64:企画政策な転生者さん(**/**/**/………)○○○○○
テンションあがりすぎで言っていることが支離滅裂じゃないですか
65:シナリオライターな転生者さん(**/**/**/………)○○○○○
まぁ、ペイルライダーは最後の一本になってからが本番だからな
66:ワールドメイドな転生者さん(**/**/**/………)○○○○○
あれ、あとで苦情来ませんかね? クリアさせるきないだろうって?
67:プログラマーAな転生者さん(**/**/**/………)○○○○○
シミュレーションでは一応問題なく勝てたんだろう?
68:プログラマーCな転生者さん(**/**/**/………)○○○○○
はい! 1%の確率で!
69:デザインな転生者さん(**/**/**/………)○○○○○
それもう誤差の範囲では?
70:お医者さんな転生者さん(**/**/**/………)○○○○○
そ、そんな……お爺さんにはもう時間が
71:お医者さんな転生者さん(**/**/**/………)○○○○○
あ、検査の結果が出たので一時落ちますっ!
72:サーバー管理な転生者さん(**/**/**/………)○○○○○
ちょ、
73:企画制作な転生者さん(**/**/**/………)○○○○○
仕事中に何してんですかあの医者は……
◆ ◆
大鎌によって薙ぎ払われたプレイヤーたちは、見る見るうちに頭上のHPバーを減らしながら宙を舞う。

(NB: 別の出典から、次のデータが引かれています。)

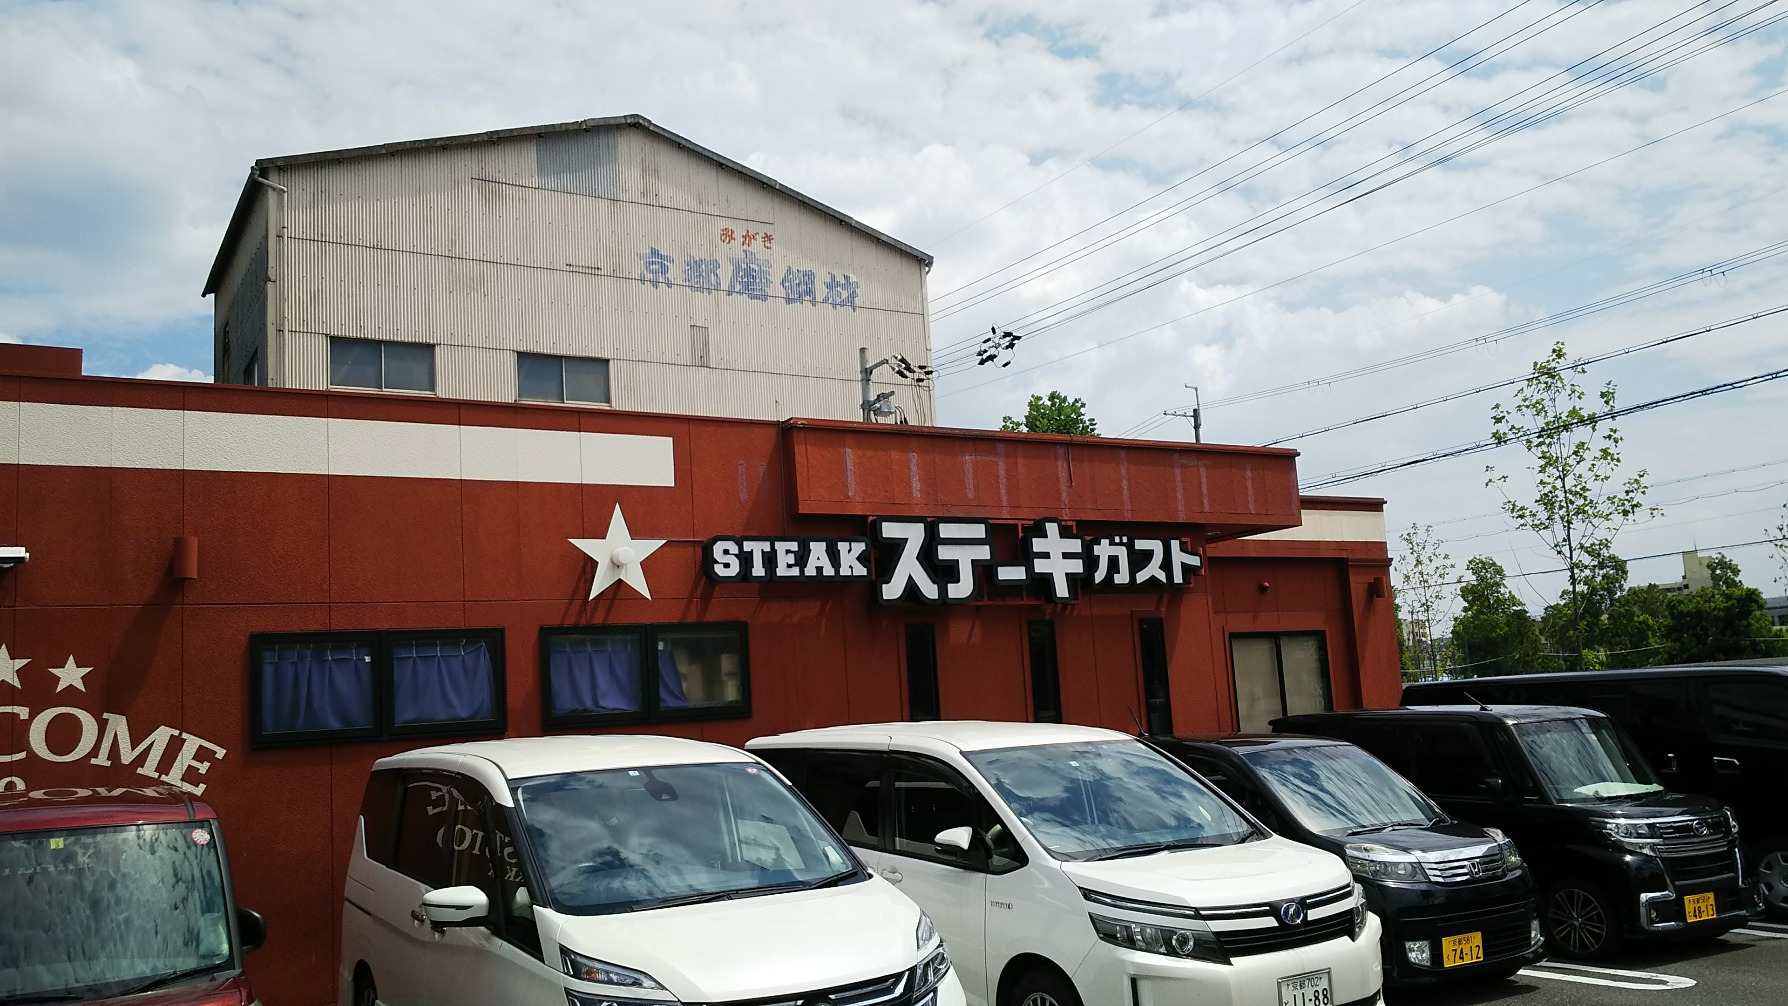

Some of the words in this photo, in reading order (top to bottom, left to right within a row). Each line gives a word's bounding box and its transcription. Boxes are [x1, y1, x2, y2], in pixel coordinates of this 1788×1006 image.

[720, 227, 775, 250] みがき
[636, 246, 861, 312] 京都磨鋼材
[712, 539, 869, 578] STEAK
[1692, 903, 1715, 919] 48-13
[1451, 944, 1482, 964] 74-12
[1293, 987, 1330, 1006] 11-88
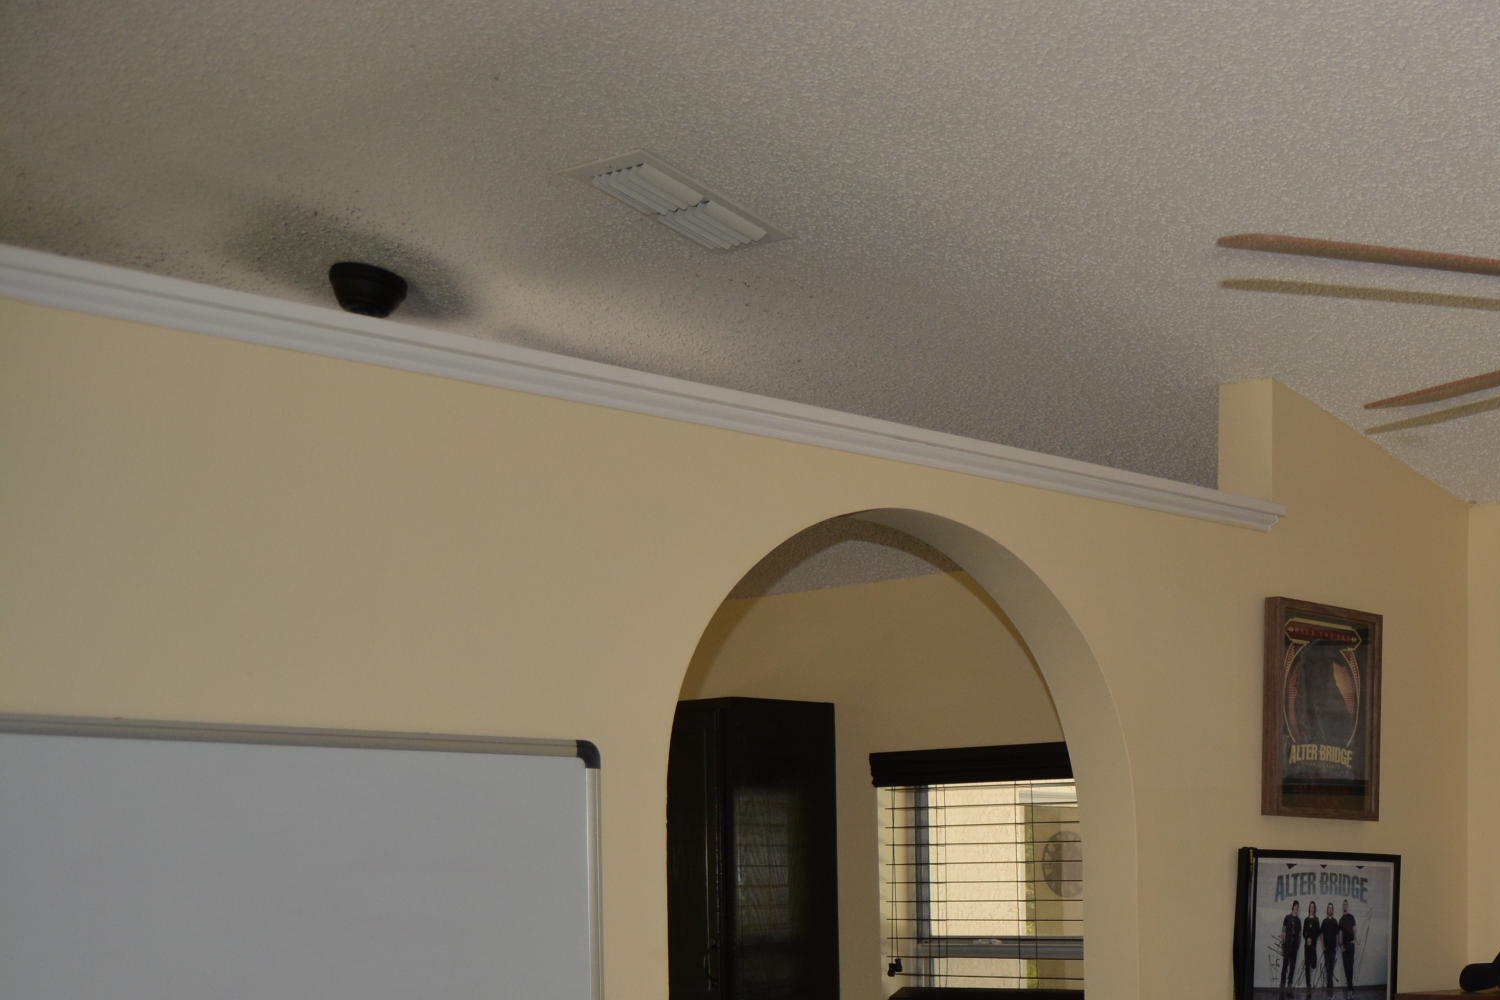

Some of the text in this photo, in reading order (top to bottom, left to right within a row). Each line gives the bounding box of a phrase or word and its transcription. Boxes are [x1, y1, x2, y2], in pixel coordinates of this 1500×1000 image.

[1289, 743, 1317, 765] ALTER
[1318, 744, 1354, 769] BRIDGE
[1273, 871, 1369, 905] ALTER BRIDGE

だが、ペイルライダーも痛い目にあわされたせいか、そこで追撃の手を止めるような慢心はもう見せてくれなかった。
『蹂躙するぞっ!!』
吹き飛びながらも、いまだ鼠にたかられているため位置がはっきりとわかるプレイヤーたちを見据え、ペイルライダーは先ほどワシが足をへし折ってやった騎馬を再召喚する。
「もうへし折った足が戻っておる!? 回復速度がおかしいじゃろっ!?」
「あの馬もアンデットか!? くそっ、アンデット特有の常時回復スキルを持ってやがるな!!」
ケンロウの舌打ちが響き渡ると同時に、宙を舞っていたプレイヤーたちに向けて、騎馬に乗り蒼い閃光となったペイルライダーが襲い掛かった!
『消え去れ……羽虫っ!』
じゃが、驚くべきことにその攻撃は空ぶることとなる。
なぜなら、プレイヤーたちが吹き飛んだ時にはもう、彼らを狙った閃光が、ペイルライダーが騎馬を召喚するよりも先に放たれておったからじゃ。
「《パーティー・ソー》」
宙を駆けた閃光の正体はエフェクトを伴った矢。数は5本。それらすべてが吹き飛んだプレイヤーたちの装備の袖や襟を貫き、その勢いのまま壁際まで彼らを吹き飛ばす。

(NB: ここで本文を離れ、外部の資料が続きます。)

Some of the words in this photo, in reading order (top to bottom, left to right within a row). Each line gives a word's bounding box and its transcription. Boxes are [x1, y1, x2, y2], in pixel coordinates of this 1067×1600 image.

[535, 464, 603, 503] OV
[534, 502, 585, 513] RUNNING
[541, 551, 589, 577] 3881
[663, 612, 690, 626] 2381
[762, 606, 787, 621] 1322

それによって、彼らは壁にたたきつけられた上に、装備を貫通した矢が壁に突き立つことによって拘束状態に陥ってしまったわけじゃが、ペイルライダーのアビリティの直撃を食らうよりかは、はるかに被害は少ない。
何とか死者を出さずに乗り切れた危機に、ワシはそっと安堵の息を漏らしながら、
「相変わらずいい腕をしておるのう、YOICHIは」
頭上の段差の上でかまえていた弓をおろし残心する女アーチャー――YOICHIが見せたミラクルプレイに、惜しみない称賛を送った。
◆ ◆
何とか間に合ったわね。と、私はそっと残心がてらに安心したことを示すため息をつきながら、壁に矢で縫い付けられ「おろしてくれ~!」と悲鳴を上げるプレイヤーたちに手を合わせて謝罪しておく。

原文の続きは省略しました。